==== Material for this task ====
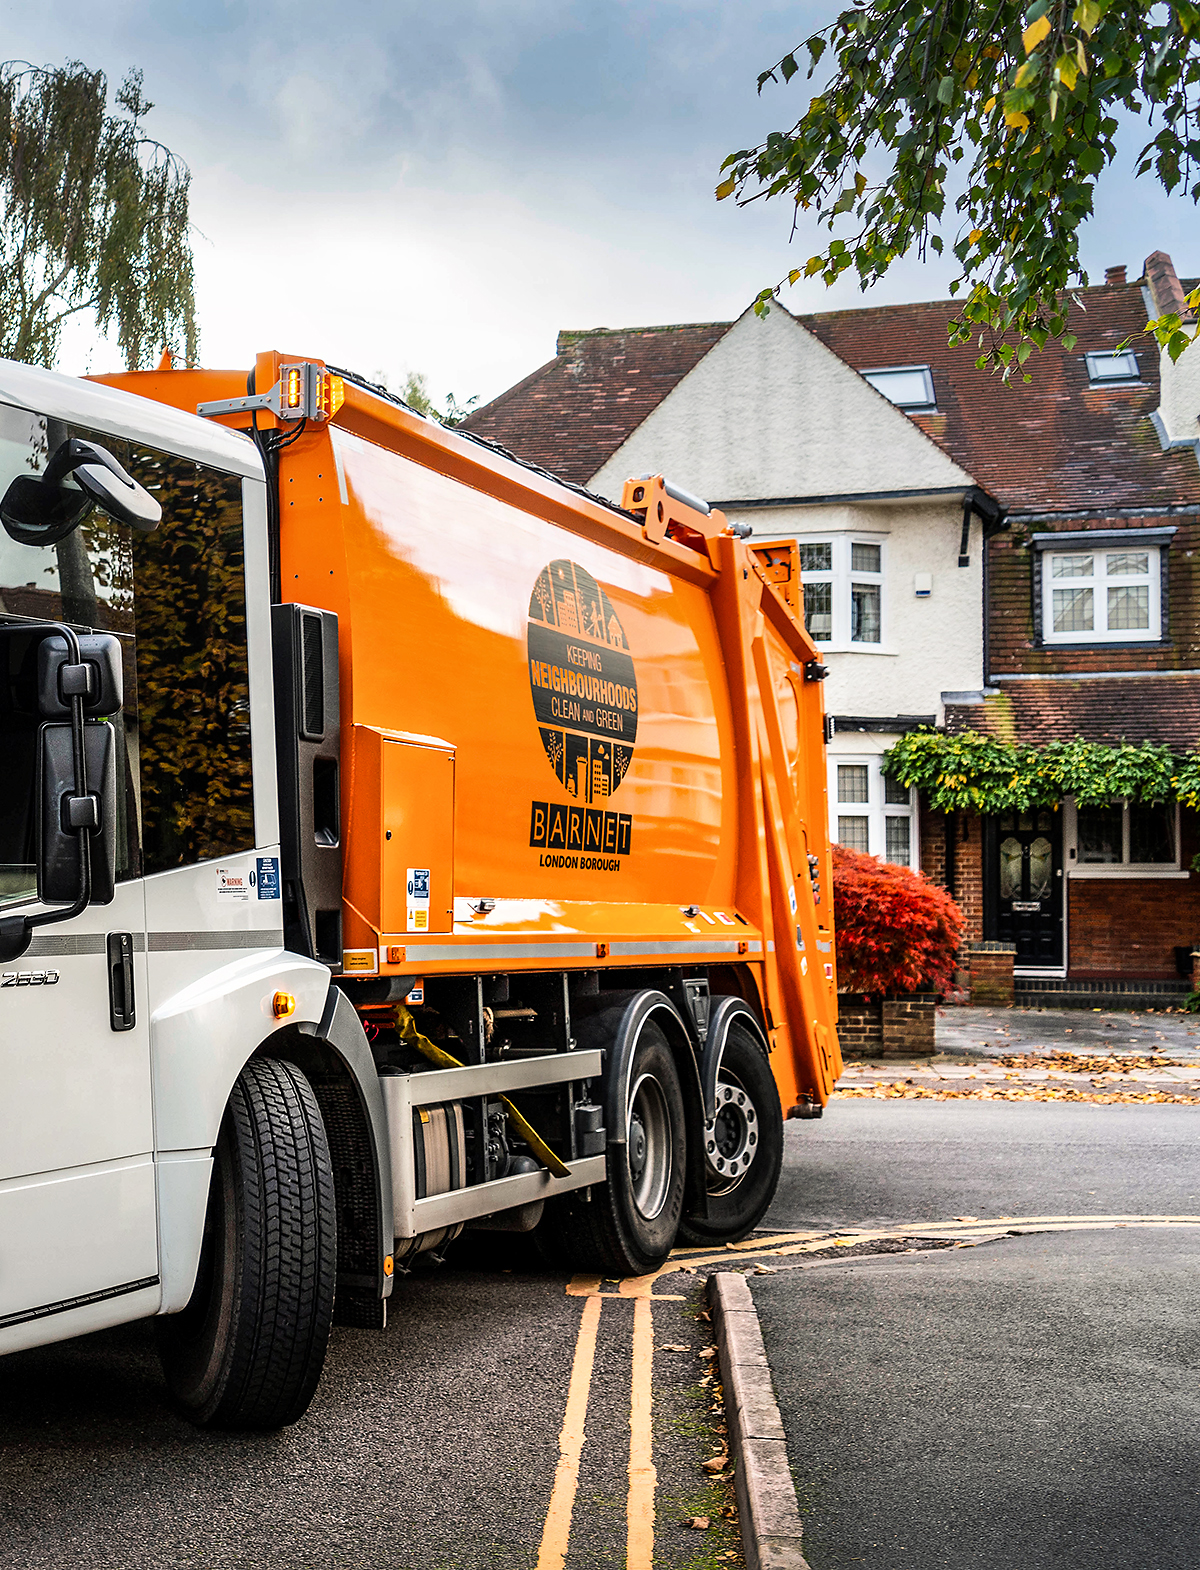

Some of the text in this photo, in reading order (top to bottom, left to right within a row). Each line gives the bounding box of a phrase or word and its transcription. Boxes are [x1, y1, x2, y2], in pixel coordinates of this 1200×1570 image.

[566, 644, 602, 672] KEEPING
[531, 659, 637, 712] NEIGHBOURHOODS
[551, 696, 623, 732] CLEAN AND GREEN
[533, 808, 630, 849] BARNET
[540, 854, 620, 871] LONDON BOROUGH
====
→ Exercise objective
Write out all the data exactly, minus pictures.

→ Exercise response
Some of the text in this photo, in reading order (top to bottom, left to right within a row). Each line gives the bounding box of a phrase or word and its transcription. Boxes are [x1, y1, x2, y2], in pixel coordinates of this 1200×1570 image.

[566, 644, 602, 672] KEEPING
[531, 659, 637, 712] NEIGHBOURHOODS
[551, 696, 623, 732] CLEAN AND GREEN
[533, 808, 630, 849] BARNET
[540, 854, 620, 871] LONDON BOROUGH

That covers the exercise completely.